[Opening EXTRACTED ENTRIES section]

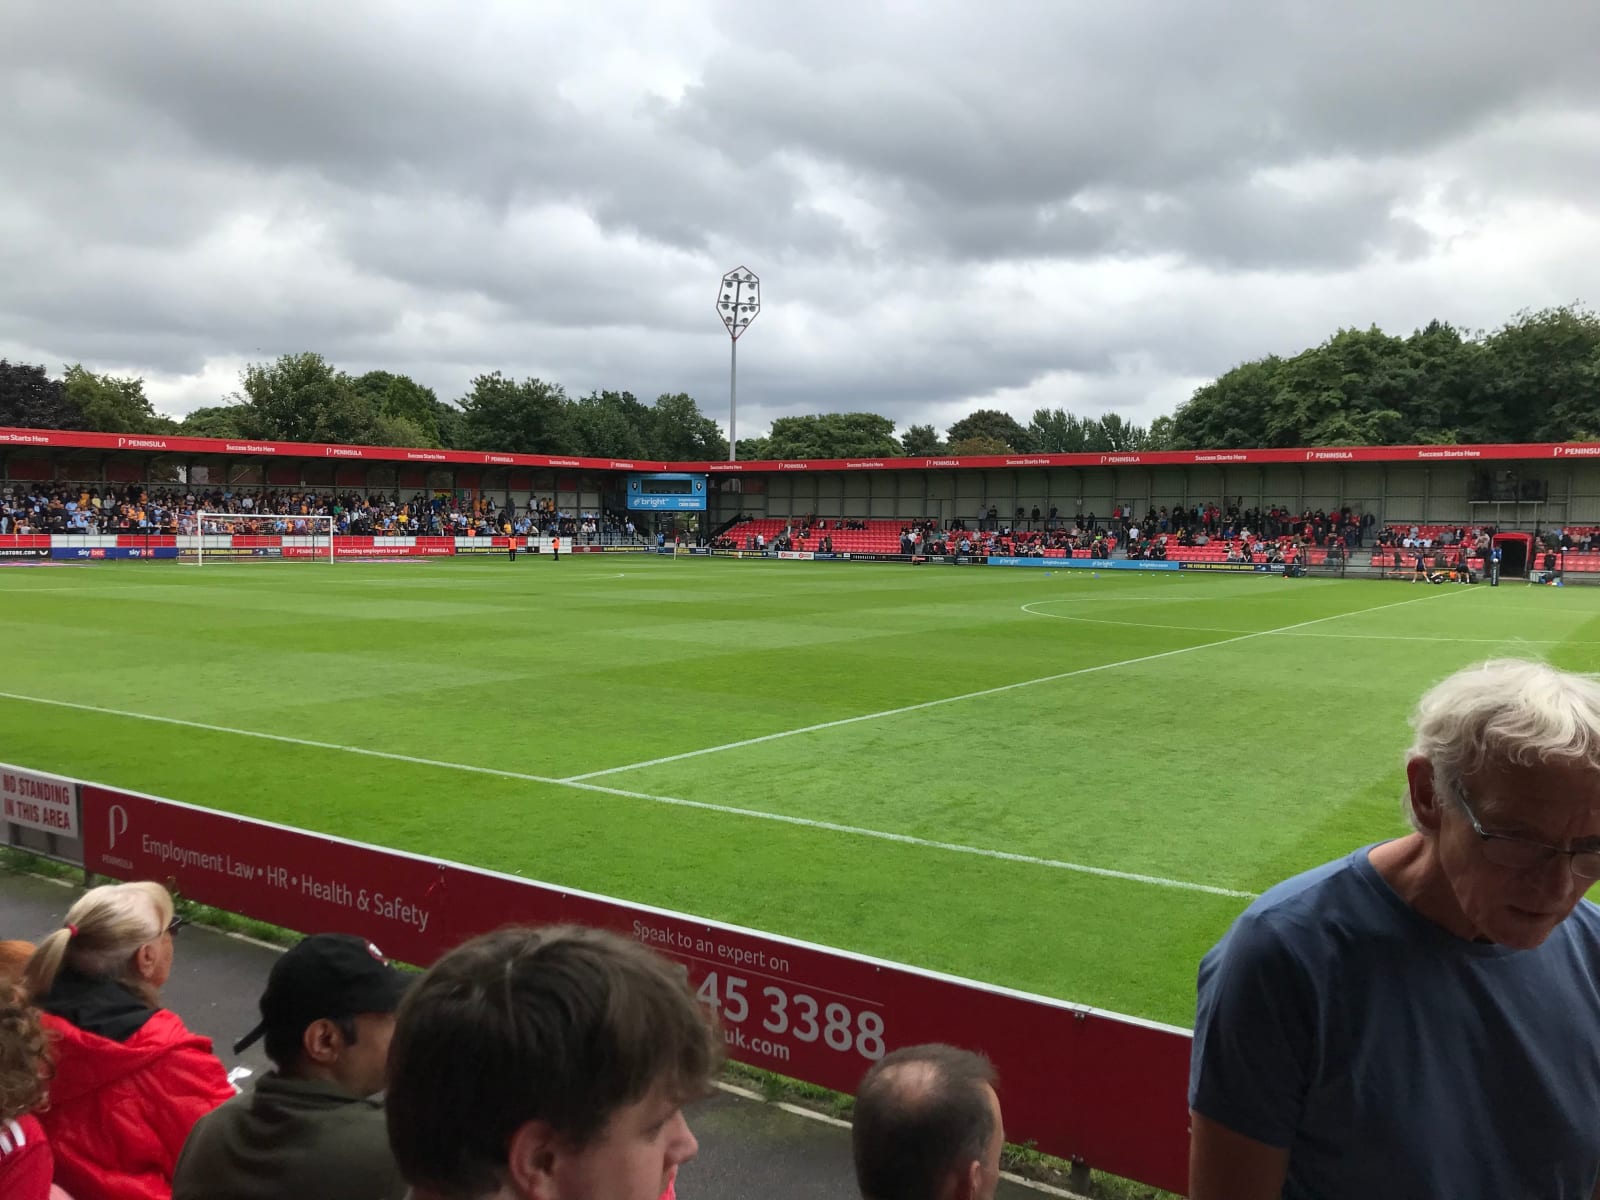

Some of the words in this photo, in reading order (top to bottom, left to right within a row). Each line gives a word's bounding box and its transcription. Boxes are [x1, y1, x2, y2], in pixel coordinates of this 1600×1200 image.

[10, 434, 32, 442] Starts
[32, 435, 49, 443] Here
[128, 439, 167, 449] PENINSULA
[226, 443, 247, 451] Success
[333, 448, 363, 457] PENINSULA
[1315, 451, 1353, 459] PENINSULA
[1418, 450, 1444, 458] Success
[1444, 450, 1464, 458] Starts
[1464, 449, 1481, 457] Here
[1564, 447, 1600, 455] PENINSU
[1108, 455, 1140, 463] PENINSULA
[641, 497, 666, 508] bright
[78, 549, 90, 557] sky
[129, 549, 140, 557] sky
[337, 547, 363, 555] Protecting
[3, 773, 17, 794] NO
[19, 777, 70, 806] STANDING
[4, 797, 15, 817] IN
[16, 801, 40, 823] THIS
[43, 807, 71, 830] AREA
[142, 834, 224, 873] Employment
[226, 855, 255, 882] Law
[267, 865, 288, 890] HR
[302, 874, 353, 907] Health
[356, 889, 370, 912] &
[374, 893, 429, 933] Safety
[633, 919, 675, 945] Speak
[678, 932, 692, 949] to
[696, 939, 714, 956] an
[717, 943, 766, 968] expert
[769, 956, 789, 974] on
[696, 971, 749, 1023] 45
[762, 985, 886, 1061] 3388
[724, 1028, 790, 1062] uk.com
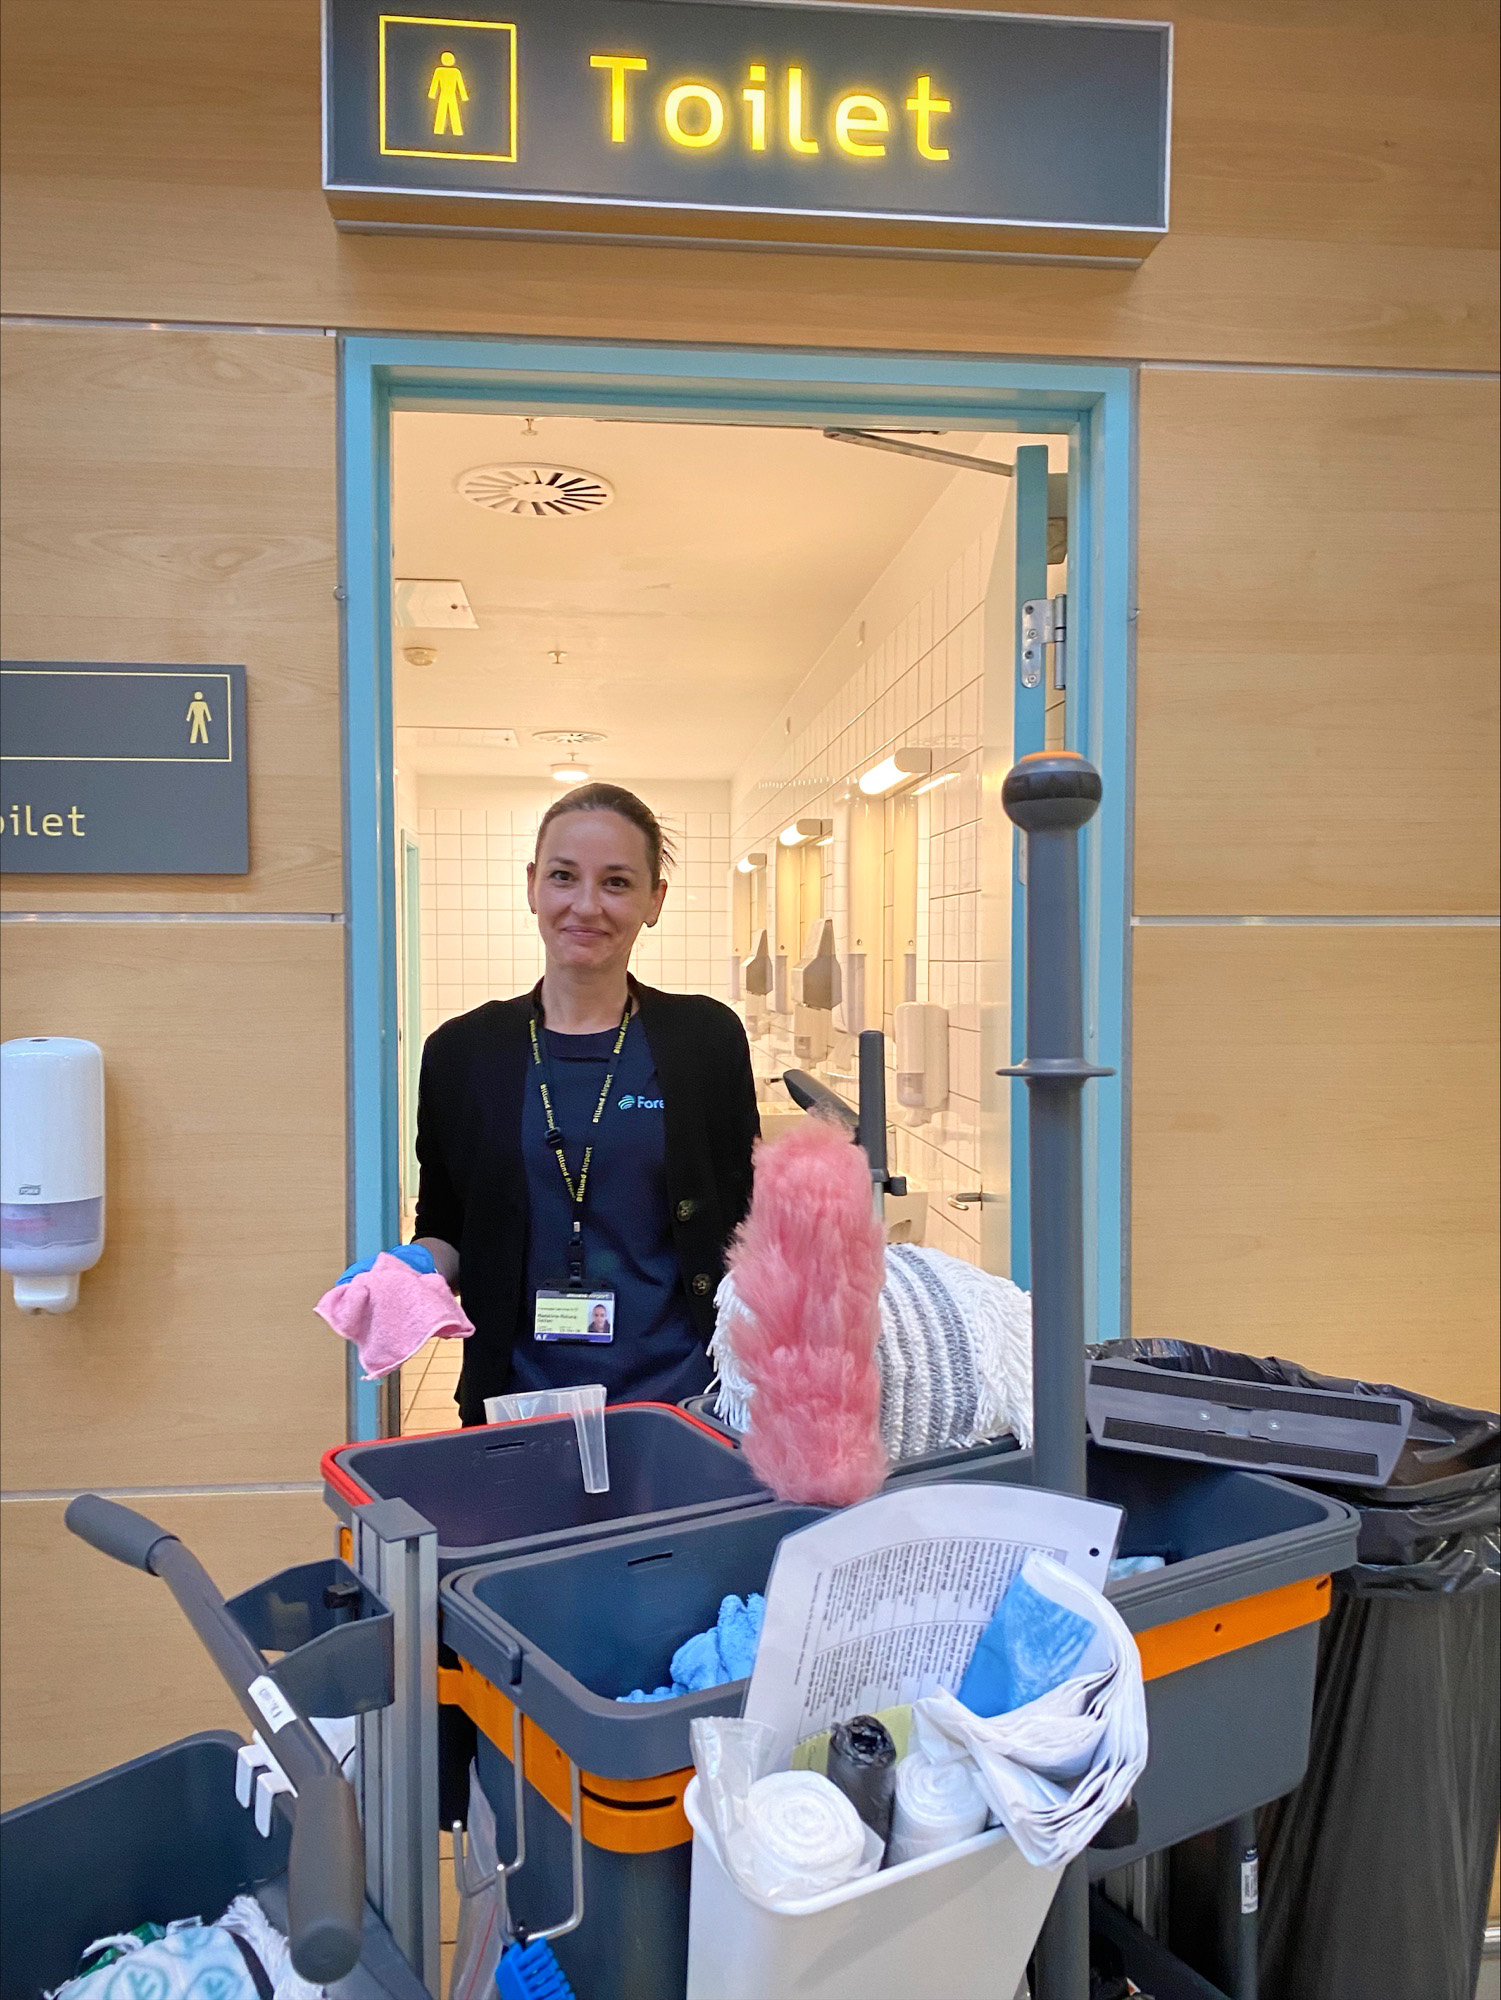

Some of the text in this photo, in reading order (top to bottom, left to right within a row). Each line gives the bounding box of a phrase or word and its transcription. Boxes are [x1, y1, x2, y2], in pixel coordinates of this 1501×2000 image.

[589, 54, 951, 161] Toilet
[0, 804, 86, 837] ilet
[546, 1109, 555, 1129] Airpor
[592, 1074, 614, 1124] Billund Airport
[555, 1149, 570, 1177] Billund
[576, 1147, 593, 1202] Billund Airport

[Closing EXTRACTED ENTRIES section]

An exact copy of every record above is required, with all pictures omitted.

* [PROBLEM SOLUTION]
Some of the words in this photo, in reading order (top to bottom, left to right within a row). Each line gives a word's bounding box and its transcription. Boxes are [x1, y1, x2, y2], in pixel coordinates of this 1600×1200 image.

[10, 434, 32, 442] Starts
[32, 435, 49, 443] Here
[128, 439, 167, 449] PENINSULA
[226, 443, 247, 451] Success
[333, 448, 363, 457] PENINSULA
[1315, 451, 1353, 459] PENINSULA
[1418, 450, 1444, 458] Success
[1444, 450, 1464, 458] Starts
[1464, 449, 1481, 457] Here
[1564, 447, 1600, 455] PENINSU
[1108, 455, 1140, 463] PENINSULA
[641, 497, 666, 508] bright
[78, 549, 90, 557] sky
[129, 549, 140, 557] sky
[337, 547, 363, 555] Protecting
[3, 773, 17, 794] NO
[19, 777, 70, 806] STANDING
[4, 797, 15, 817] IN
[16, 801, 40, 823] THIS
[43, 807, 71, 830] AREA
[142, 834, 224, 873] Employment
[226, 855, 255, 882] Law
[267, 865, 288, 890] HR
[302, 874, 353, 907] Health
[356, 889, 370, 912] &
[374, 893, 429, 933] Safety
[633, 919, 675, 945] Speak
[678, 932, 692, 949] to
[696, 939, 714, 956] an
[717, 943, 766, 968] expert
[769, 956, 789, 974] on
[696, 971, 749, 1023] 45
[762, 985, 886, 1061] 3388
[724, 1028, 790, 1062] uk.com

Some of the text in this photo, in reading order (top to bottom, left to right within a row). Each line gives the bounding box of a phrase or word and its transcription. Boxes are [x1, y1, x2, y2], in pixel coordinates of this 1501×2000 image.

[589, 54, 951, 161] Toilet
[0, 804, 86, 837] ilet
[546, 1109, 555, 1129] Airpor
[592, 1074, 614, 1124] Billund Airport
[555, 1149, 570, 1177] Billund
[576, 1147, 593, 1202] Billund Airport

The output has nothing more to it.